Does your child know their address?

We homeschool and DD(7) knows our phone number but since she gives it out to every new bestfriend she meets I am afraid to teach her our address:rotfl2: Who knows who will show up at our house!!!

Seriously though, we are getting ready to move so I will teach it to her when we get to the new house.
 
DD3 has known our address (sans zip) for a year or more. Whenever we try to talk phone numbers, she tells me that her phone number is 12345678910. It's pretty funny.
 
My son's Jr. Kindergarten teacher had an effective method for teaching the kids all of their vital information. When they first entered the room, the kids had to find their assigned seat at the tables by looking for their first names. Their names marked their spots for the first couple of months. After that, she changed the seating chart and put their last names on their places. Again, their last names were their place markers for a while. Then she moved on to their phone numbers. They helped each child find their place and left the phone number taped to the tables for a while. The kids would look at their numbers each time they sat at their tables. They moved on to using their addresses and parent's names later in the year. By the end of the year, every child could spell their first and last names, knew their address and phone numbers and parent's names. I thought it was a great way to teach them.

What a great idea! :)

While I know there are exceptions to every rule, (kids who've just moved, special needs etc...) the vast majority of kids should know this info. by the end of K. Most pre-K and K teachers work on this in school but really, IMHO this is the parents' responsibility.
 
Speaking as a Kindergarten teacher, it is part of our curriculum. But I started even earlier with my own 2 children.
 

Another thought since this has also turned to included phone numbers, don't forget to show your kids how to work the different phones in your house and your cell phones. I know that almost every phone in our house is different, and only one is the wired kind that you just pick up and talk without having to push a button. Then both mine and DH's cell phones are both different. You really want your kids to be comfortable with the phones, so that in an emergency situation they don't have to think about how to use it, that is why we let our kids call the grandparents and aunts and uncles when they have news to tell so that they get used to dialing the different phones.
 
I am not surprised at all. I teach Kindergarten in low income area. What I find is that children don't know their own names or their parents name. They are so use to being referred to by their nicknames that they are unaware that they have a legal name.

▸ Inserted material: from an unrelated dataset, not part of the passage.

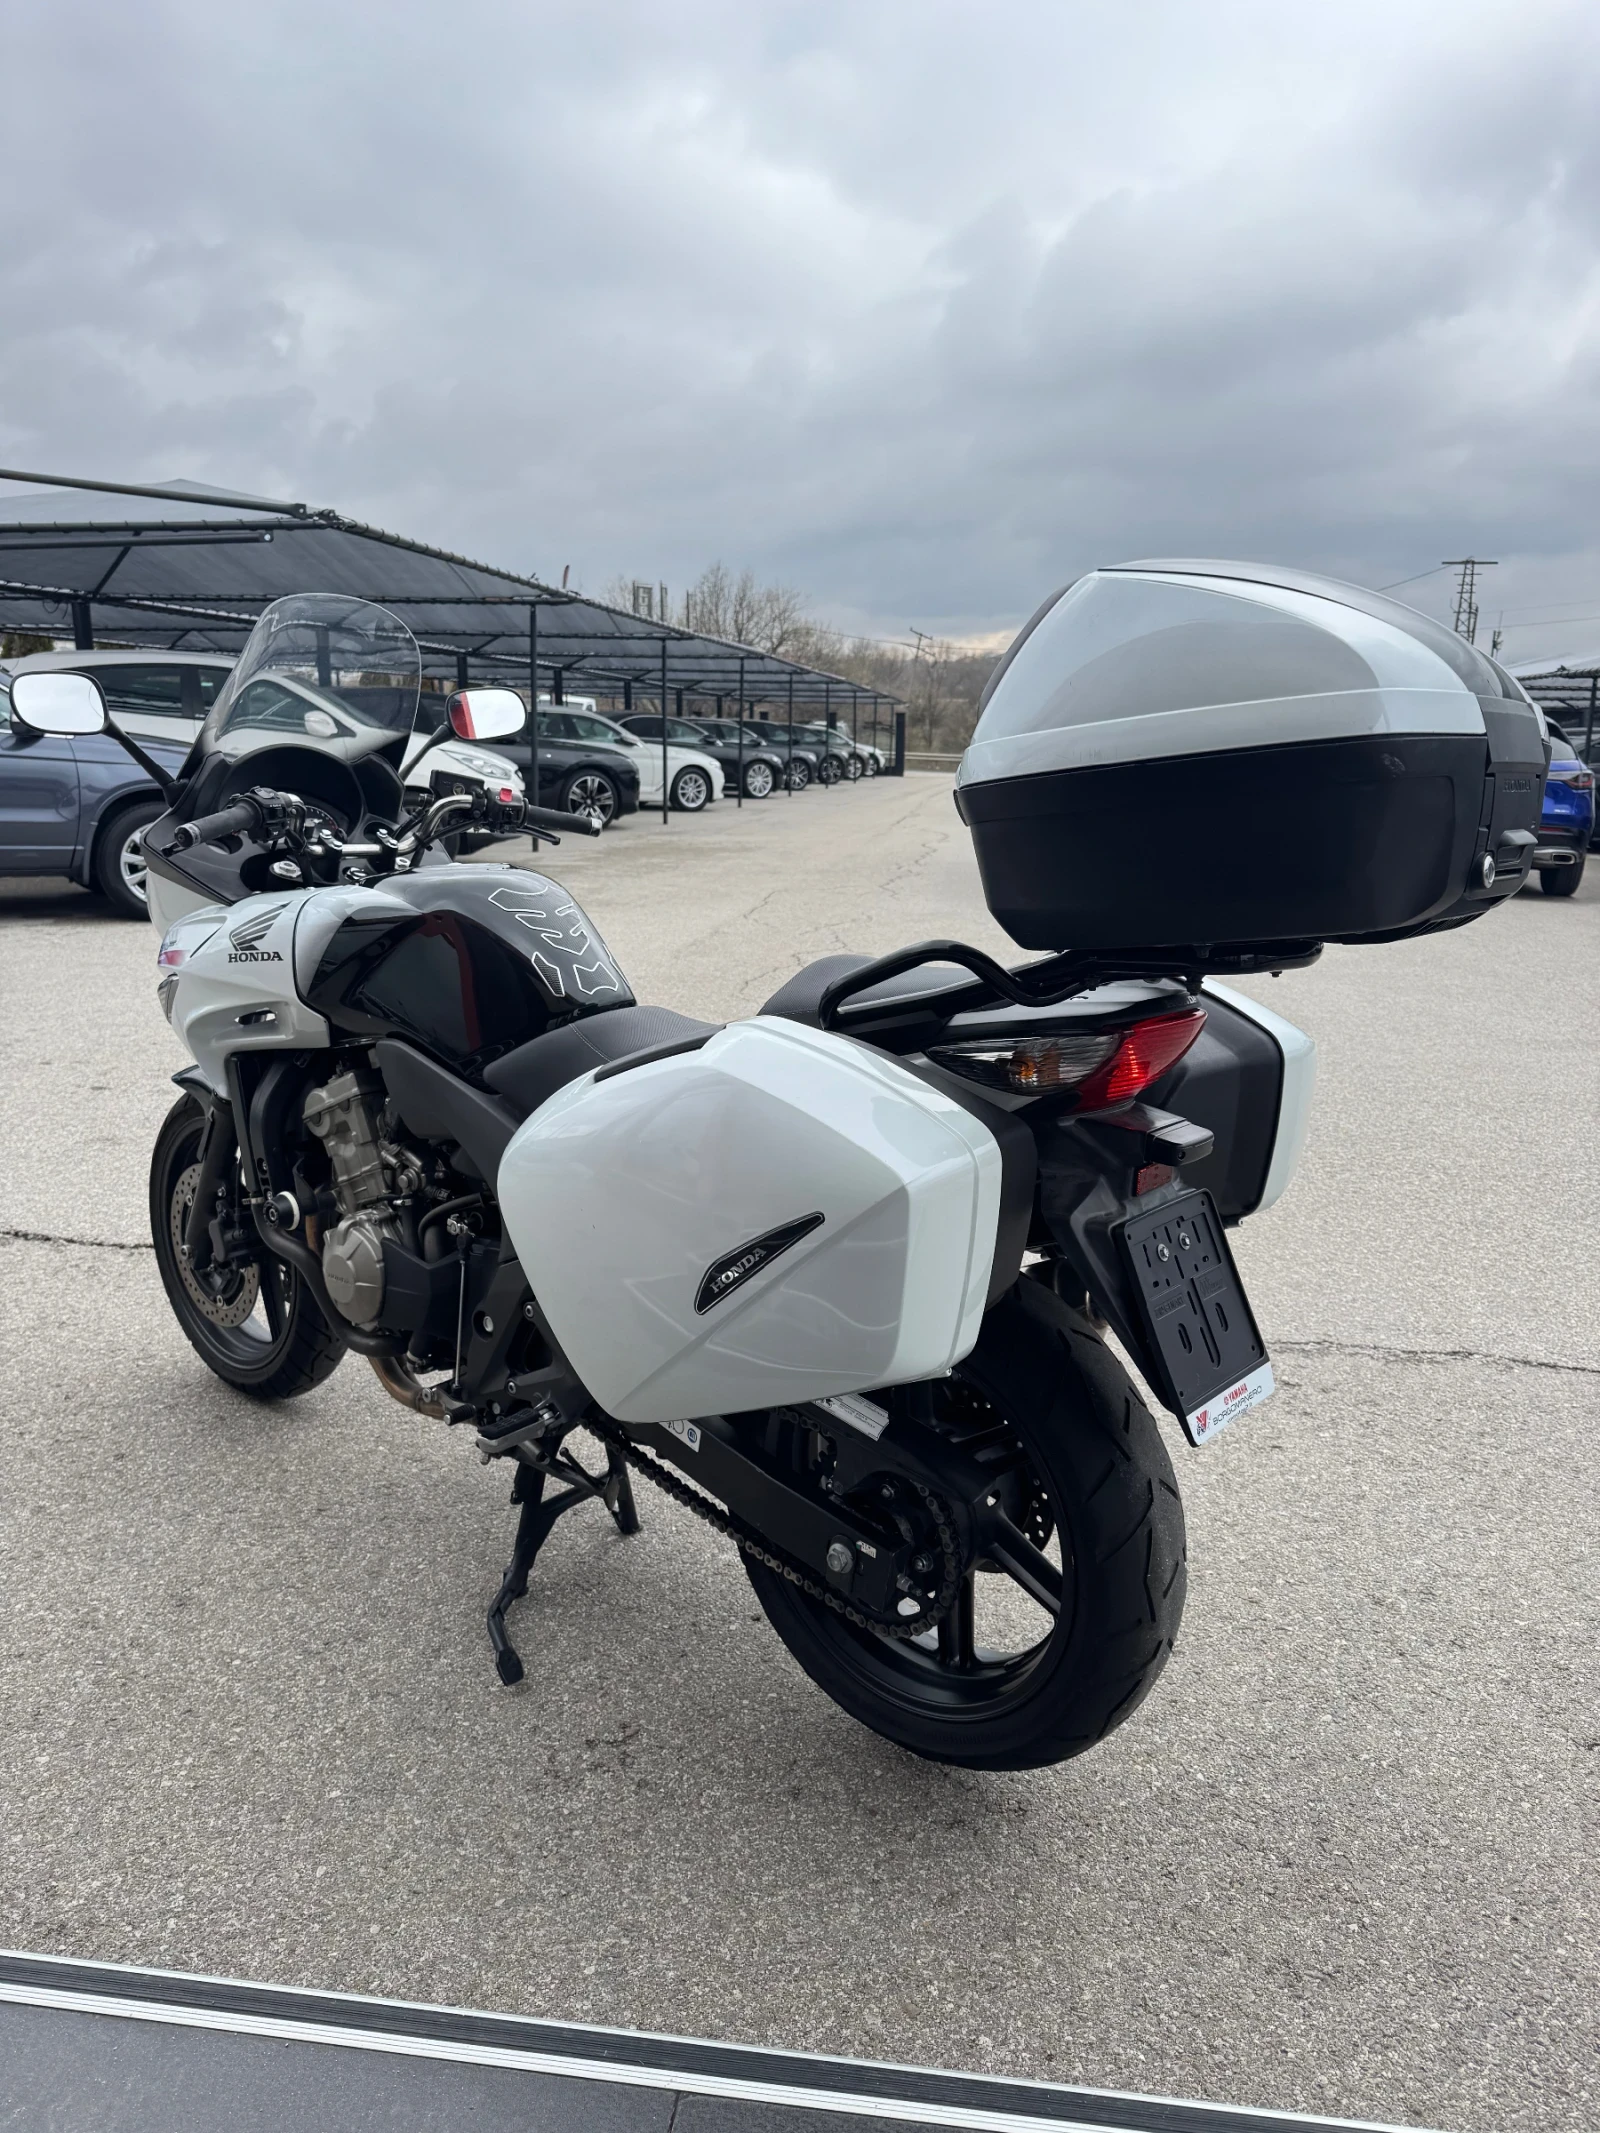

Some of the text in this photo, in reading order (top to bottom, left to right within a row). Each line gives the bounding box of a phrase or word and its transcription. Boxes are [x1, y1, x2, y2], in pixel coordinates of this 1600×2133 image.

Also, I find children move a lot in my district. Who wants to learn 3 or 4 addresses in a single school year.
 
One thing I would add to make sure your kids know is the names of people in their lives like grandparents and aunts & uncles. My mom works at a school in a rural area & needed to call a kids grandparent so she asked the kid his grandmothers name (she was going to look it up in the phone book). The kid said 'Nana'. My mom called after school & quizzed the kids on their grandparents names!
 
At my son's school it was actually part of the requirement to pass Kindergarten!
I am actually shocked that second graders do not know their address. We worked with my son for a while to get him to learn it(before kindergarten). I think its good that schools focus on this subject but it really is the parents that need to address this with their children.
 
My DS6 learned in Pre-school, but had to know it this marking period as part of the ciric. in Kindergarten.